Task requirements.
Make an exact copy of every entry below, with the pictures left out.

(Collected data entries)
------------
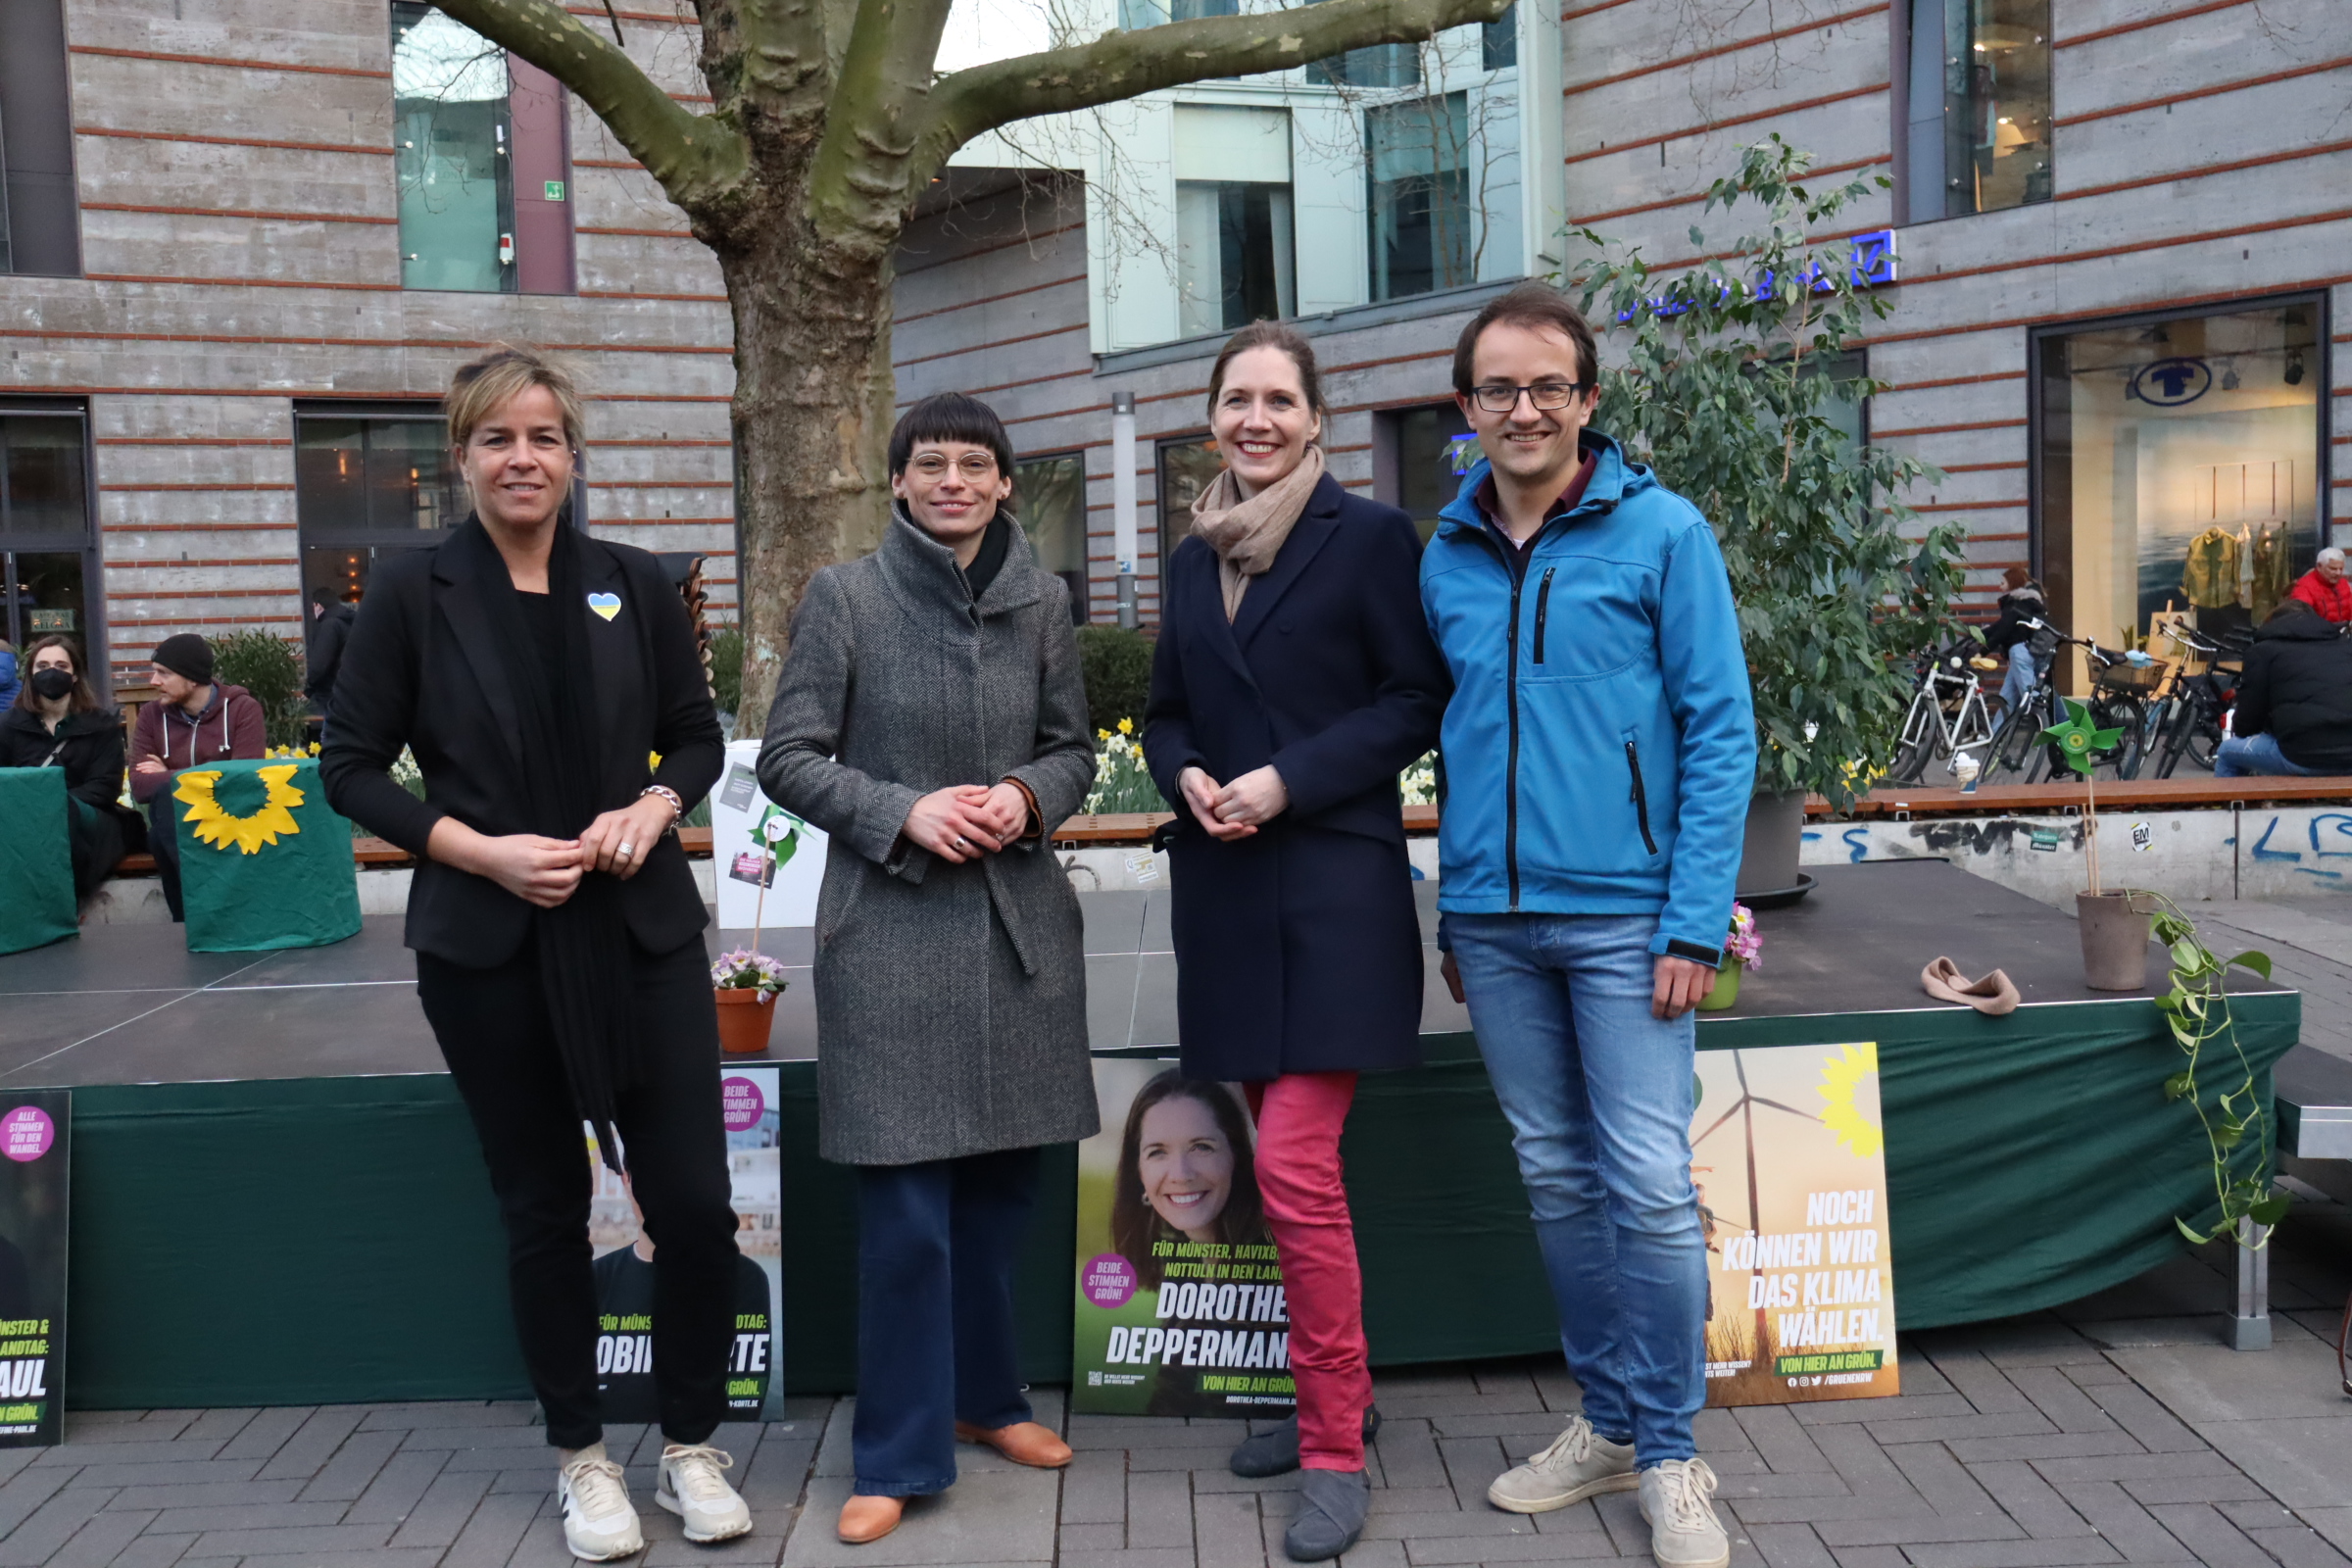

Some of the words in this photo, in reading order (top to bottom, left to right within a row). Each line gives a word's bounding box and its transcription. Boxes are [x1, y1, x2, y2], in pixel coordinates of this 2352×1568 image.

[724, 1086, 750, 1098] BEIDE
[18, 1111, 36, 1121] ALLE
[724, 1109, 752, 1123] GRÜN!
[9, 1122, 44, 1133] STIMMEN
[11, 1132, 26, 1144] FÜR
[26, 1133, 42, 1143] DEN
[10, 1144, 42, 1154] WANDEL.
[1806, 1189, 1875, 1226] NOCH
[1152, 1240, 1175, 1257] FÜR
[1176, 1241, 1232, 1259] MÜNSTER,
[1235, 1245, 1280, 1260] HAVIXB
[1722, 1230, 1823, 1271] KÖNNEN
[1828, 1229, 1878, 1265] WIR
[1097, 1261, 1122, 1274] BEIDE
[1164, 1262, 1215, 1279] NOTTULN
[1216, 1264, 1230, 1279] IN
[1231, 1264, 1254, 1280] DEN
[1088, 1274, 1130, 1288] STIMMEN
[1747, 1273, 1798, 1309] DAS
[1802, 1268, 1881, 1305] KLIMA
[1095, 1286, 1123, 1300] GRÜN!
[1155, 1282, 1291, 1323] DOROTHE
[0, 1319, 38, 1336] NSTER
[40, 1319, 50, 1334] &
[736, 1314, 767, 1329] DTAG:
[1779, 1305, 1884, 1348] WÄHLEN.
[728, 1334, 770, 1372] TE
[1106, 1326, 1291, 1369] DEPPERMAN
[1781, 1357, 1803, 1373] VON
[1803, 1354, 1828, 1372] HIER
[1829, 1354, 1845, 1370] AN
[1845, 1351, 1877, 1369] GRÜN.
[728, 1378, 760, 1396] GRÜN.
[1203, 1376, 1225, 1391] VON
[1225, 1376, 1250, 1392] HIER
[1250, 1377, 1268, 1393] AN
[1824, 1372, 1873, 1386] /GRUENENRW
[5, 1402, 38, 1422] GRÜN.
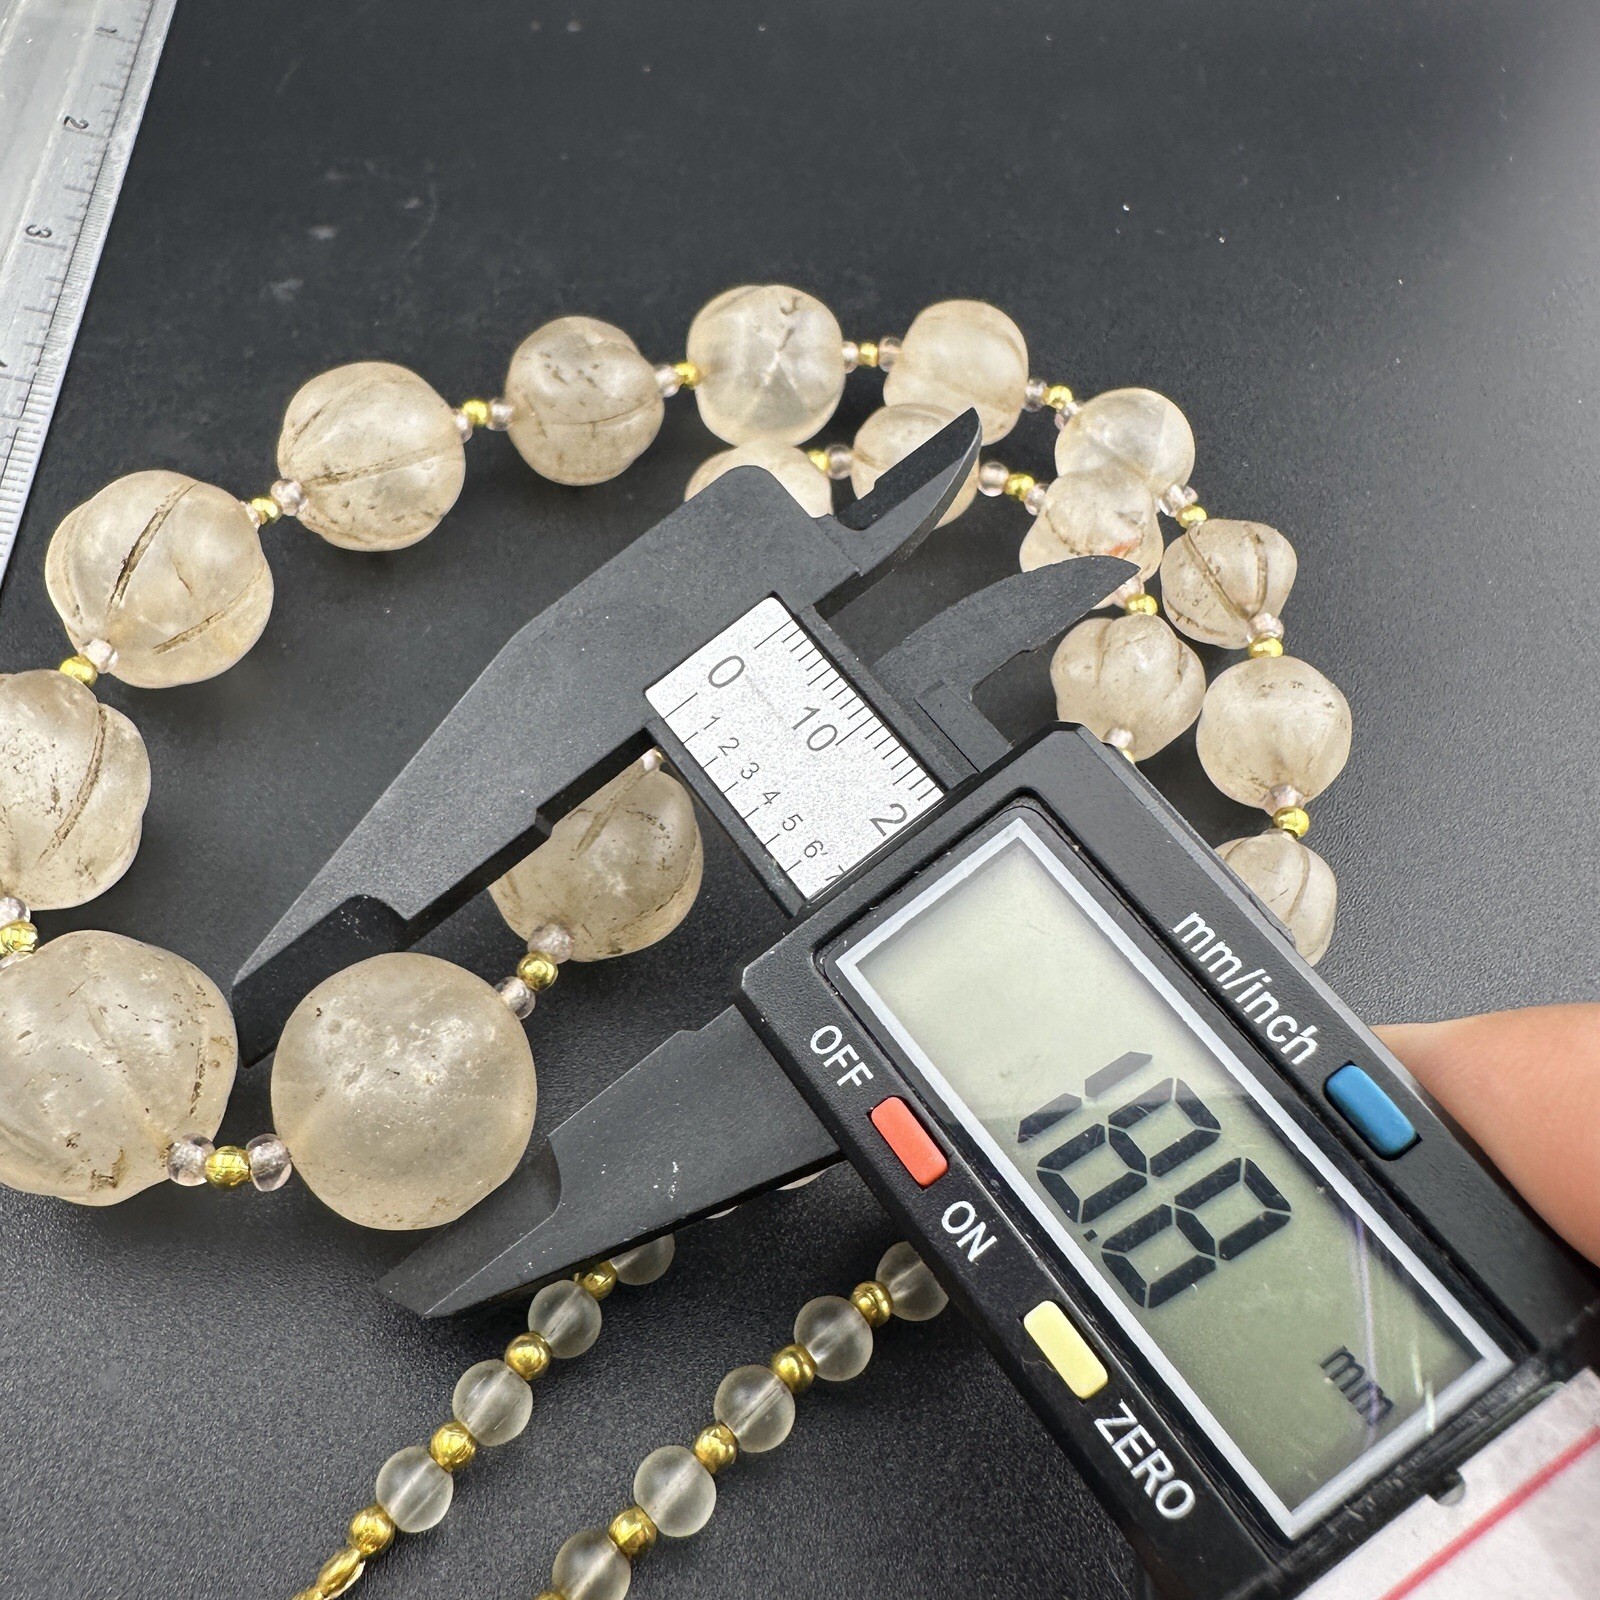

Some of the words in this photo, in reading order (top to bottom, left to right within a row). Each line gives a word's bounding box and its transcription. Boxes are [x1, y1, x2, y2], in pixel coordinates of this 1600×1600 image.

[63, 115, 90, 130] 2
[25, 224, 52, 239] 3
[708, 655, 745, 689] 0
[791, 706, 838, 751] 10
[703, 715, 721, 731] 1
[718, 737, 740, 757] 2
[740, 762, 760, 780] 3
[762, 790, 781, 806] 4
[782, 813, 804, 832] 5
[803, 840, 824, 859] 6
[1172, 911, 1321, 1065] mm/inch
[808, 1024, 875, 1088] OFF
[940, 1200, 998, 1261] ON
[1017, 1050, 1293, 1310] 18.8
[1318, 1345, 1395, 1426] mm
[1093, 1401, 1197, 1520] ZERO
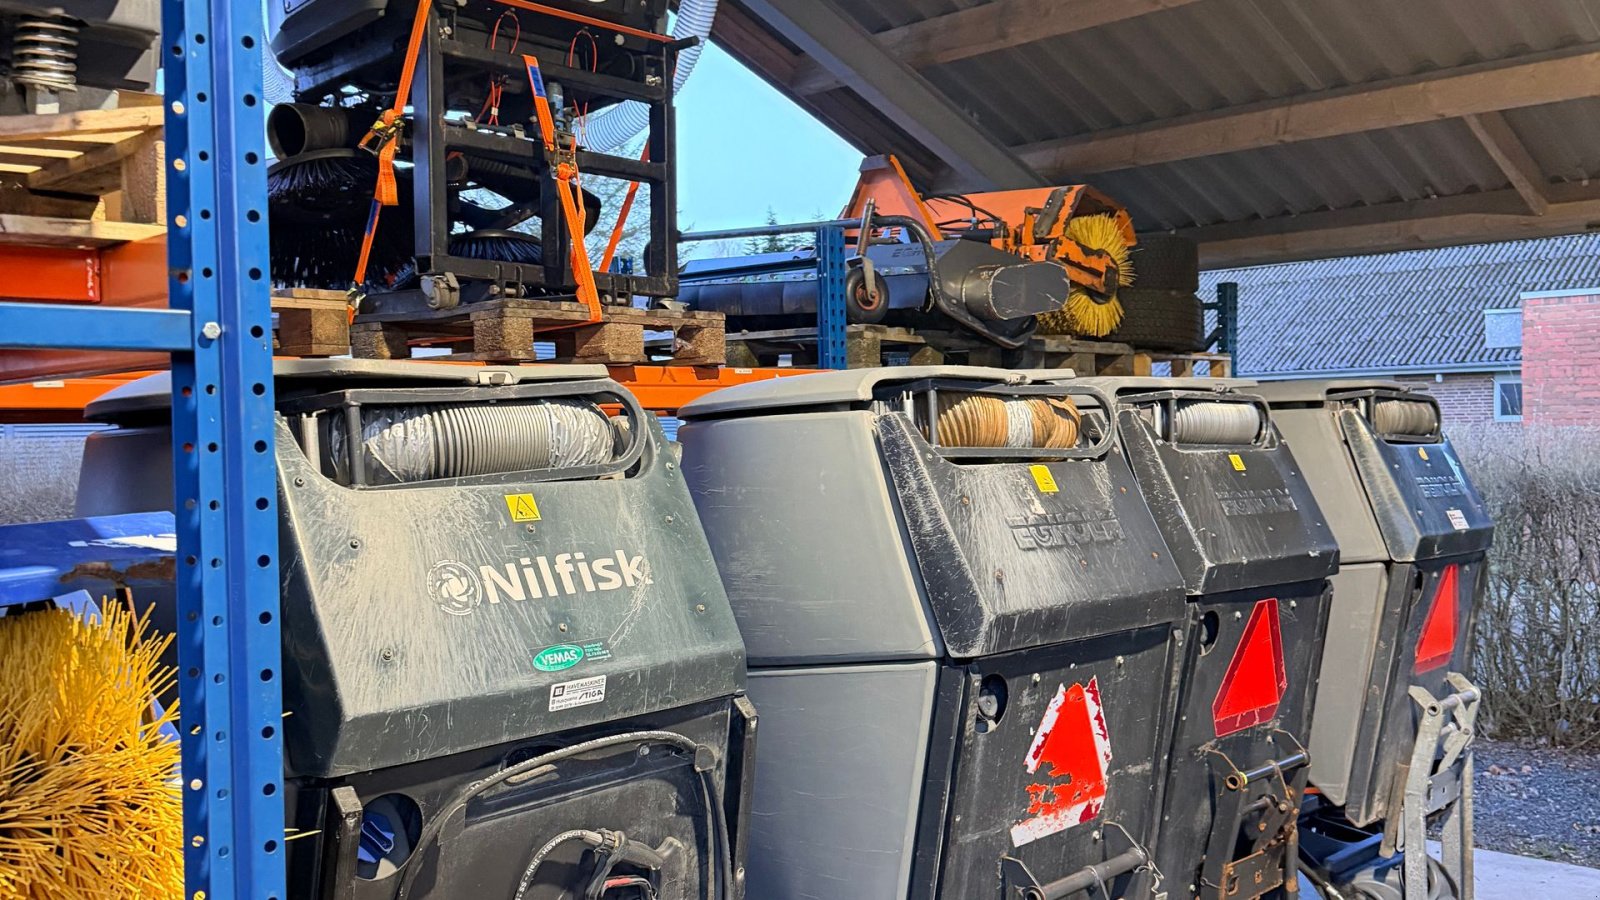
------------
Written answer.
Some of the words in this photo, in reading order (top to bottom, left to right within a row). Each line gives a word's bounding box and its transcription. Boxes are [x1, y1, x2, y2], in pixel coordinates of this 2352×1568 image.

[724, 1086, 750, 1098] BEIDE
[18, 1111, 36, 1121] ALLE
[724, 1109, 752, 1123] GRÜN!
[9, 1122, 44, 1133] STIMMEN
[11, 1132, 26, 1144] FÜR
[26, 1133, 42, 1143] DEN
[10, 1144, 42, 1154] WANDEL.
[1806, 1189, 1875, 1226] NOCH
[1152, 1240, 1175, 1257] FÜR
[1176, 1241, 1232, 1259] MÜNSTER,
[1235, 1245, 1280, 1260] HAVIXB
[1722, 1230, 1823, 1271] KÖNNEN
[1828, 1229, 1878, 1265] WIR
[1097, 1261, 1122, 1274] BEIDE
[1164, 1262, 1215, 1279] NOTTULN
[1216, 1264, 1230, 1279] IN
[1231, 1264, 1254, 1280] DEN
[1088, 1274, 1130, 1288] STIMMEN
[1747, 1273, 1798, 1309] DAS
[1802, 1268, 1881, 1305] KLIMA
[1095, 1286, 1123, 1300] GRÜN!
[1155, 1282, 1291, 1323] DOROTHE
[0, 1319, 38, 1336] NSTER
[40, 1319, 50, 1334] &
[736, 1314, 767, 1329] DTAG:
[1779, 1305, 1884, 1348] WÄHLEN.
[728, 1334, 770, 1372] TE
[1106, 1326, 1291, 1369] DEPPERMAN
[1781, 1357, 1803, 1373] VON
[1803, 1354, 1828, 1372] HIER
[1829, 1354, 1845, 1370] AN
[1845, 1351, 1877, 1369] GRÜN.
[728, 1378, 760, 1396] GRÜN.
[1203, 1376, 1225, 1391] VON
[1225, 1376, 1250, 1392] HIER
[1250, 1377, 1268, 1393] AN
[1824, 1372, 1873, 1386] /GRUENENRW
[5, 1402, 38, 1422] GRÜN.

Some of the words in this photo, in reading order (top to bottom, left to right within a row). Each line gives a word's bounding box and its transcription. Boxes are [x1, y1, x2, y2], in pixel coordinates of this 1600×1600 image.

[63, 115, 90, 130] 2
[25, 224, 52, 239] 3
[708, 655, 745, 689] 0
[791, 706, 838, 751] 10
[703, 715, 721, 731] 1
[718, 737, 740, 757] 2
[740, 762, 760, 780] 3
[762, 790, 781, 806] 4
[782, 813, 804, 832] 5
[803, 840, 824, 859] 6
[1172, 911, 1321, 1065] mm/inch
[808, 1024, 875, 1088] OFF
[940, 1200, 998, 1261] ON
[1017, 1050, 1293, 1310] 18.8
[1318, 1345, 1395, 1426] mm
[1093, 1401, 1197, 1520] ZERO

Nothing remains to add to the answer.